Stored data entries

------------------------------

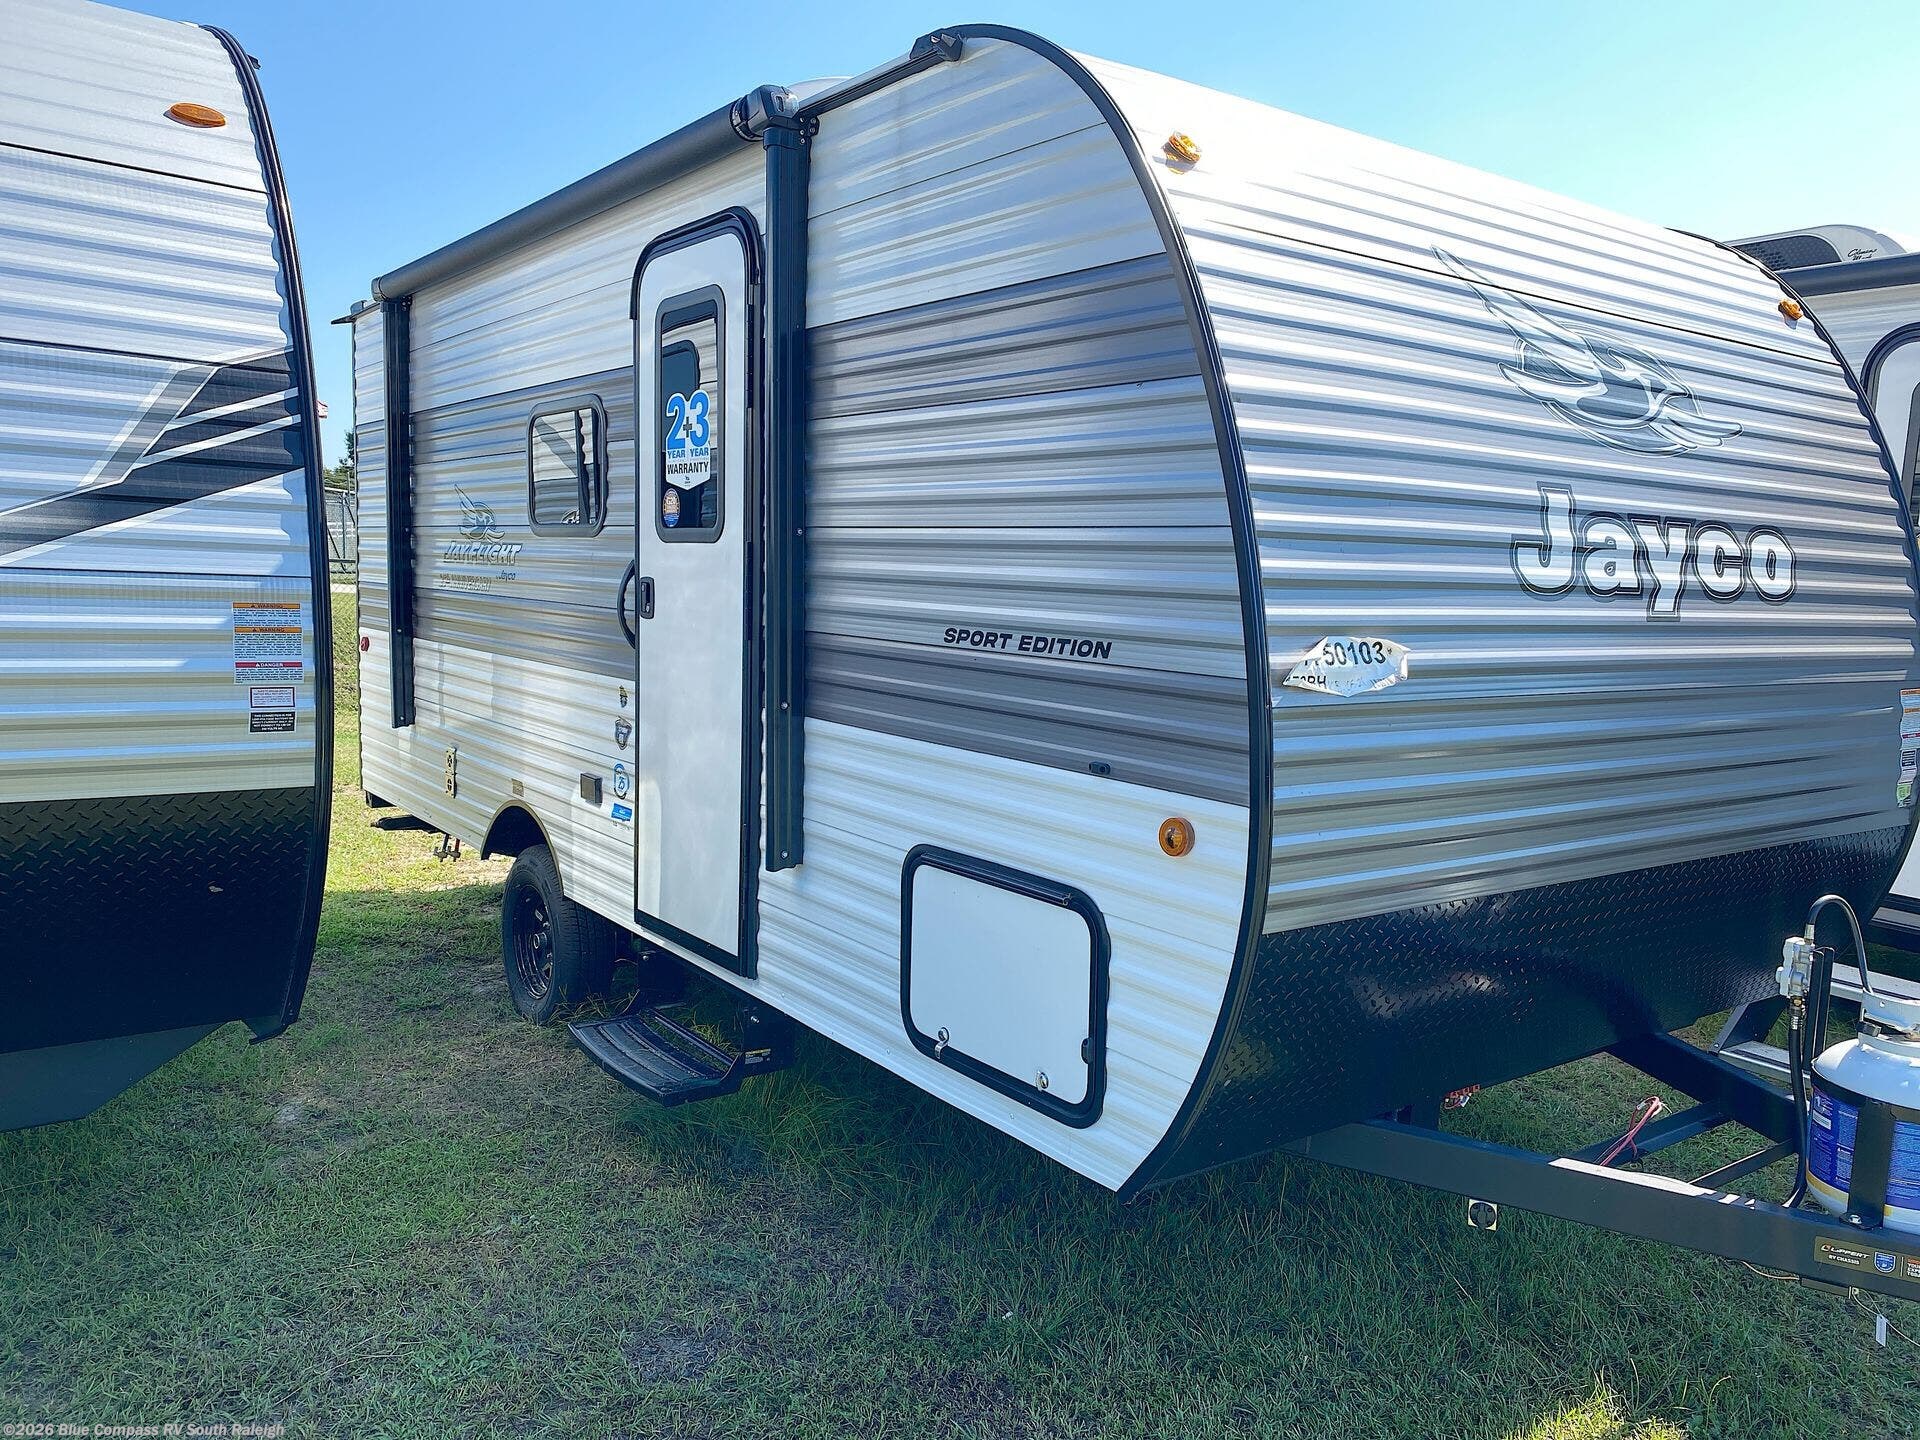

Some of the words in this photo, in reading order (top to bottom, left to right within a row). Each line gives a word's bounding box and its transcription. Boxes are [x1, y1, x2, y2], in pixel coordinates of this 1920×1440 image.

[667, 449, 686, 459] YEAR
[689, 447, 709, 457] YEAR
[667, 462, 709, 475] WARRANTY
[1510, 481, 1797, 622] Jayco
[943, 627, 1013, 650] SPORT
[1017, 634, 1113, 660] EDITION
[1831, 1247, 1869, 1259] LIPPERT
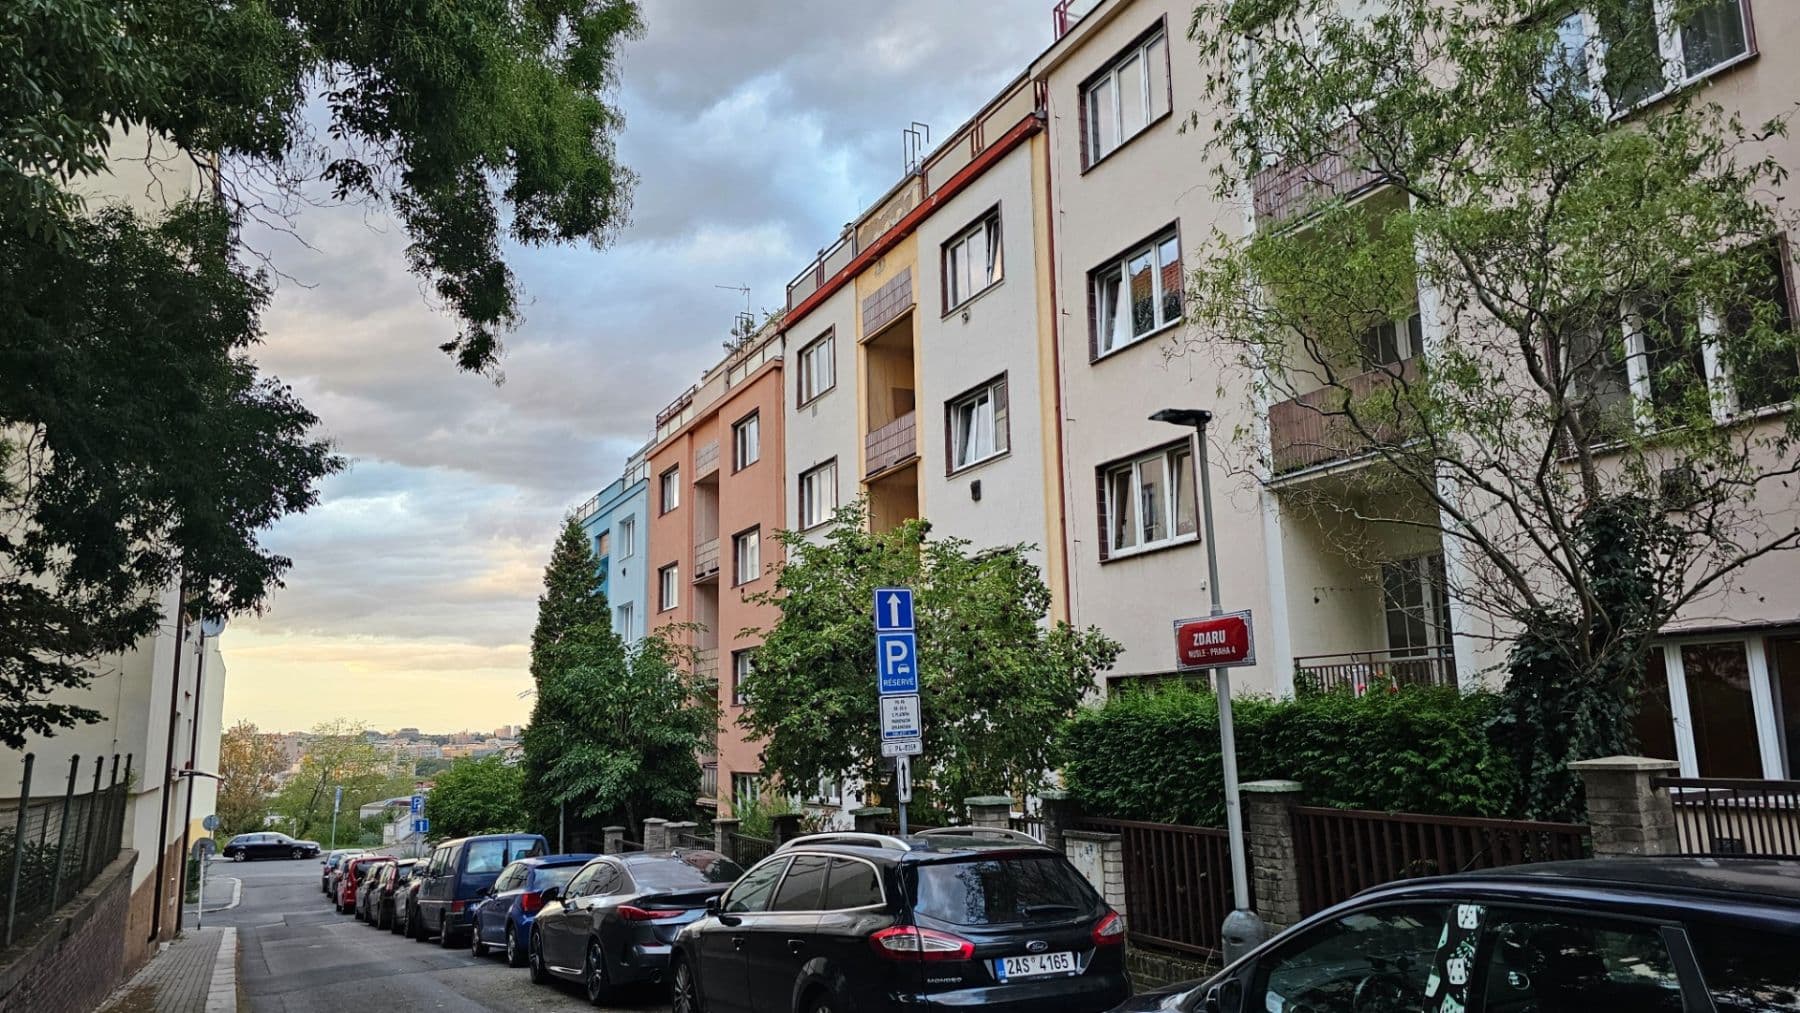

------------------------------

Restate the records above exactly, less any pictures.

Some of the words in this photo, in reading order (top to bottom, left to right within a row). Each line gives a word's bounding box and its transcription. Boxes are [x1, y1, x2, y2], in pixel coordinates of this 1920×1440 image.

[667, 449, 686, 459] YEAR
[689, 447, 709, 457] YEAR
[667, 462, 709, 475] WARRANTY
[1510, 481, 1797, 622] Jayco
[943, 627, 1013, 650] SPORT
[1017, 634, 1113, 660] EDITION
[1831, 1247, 1869, 1259] LIPPERT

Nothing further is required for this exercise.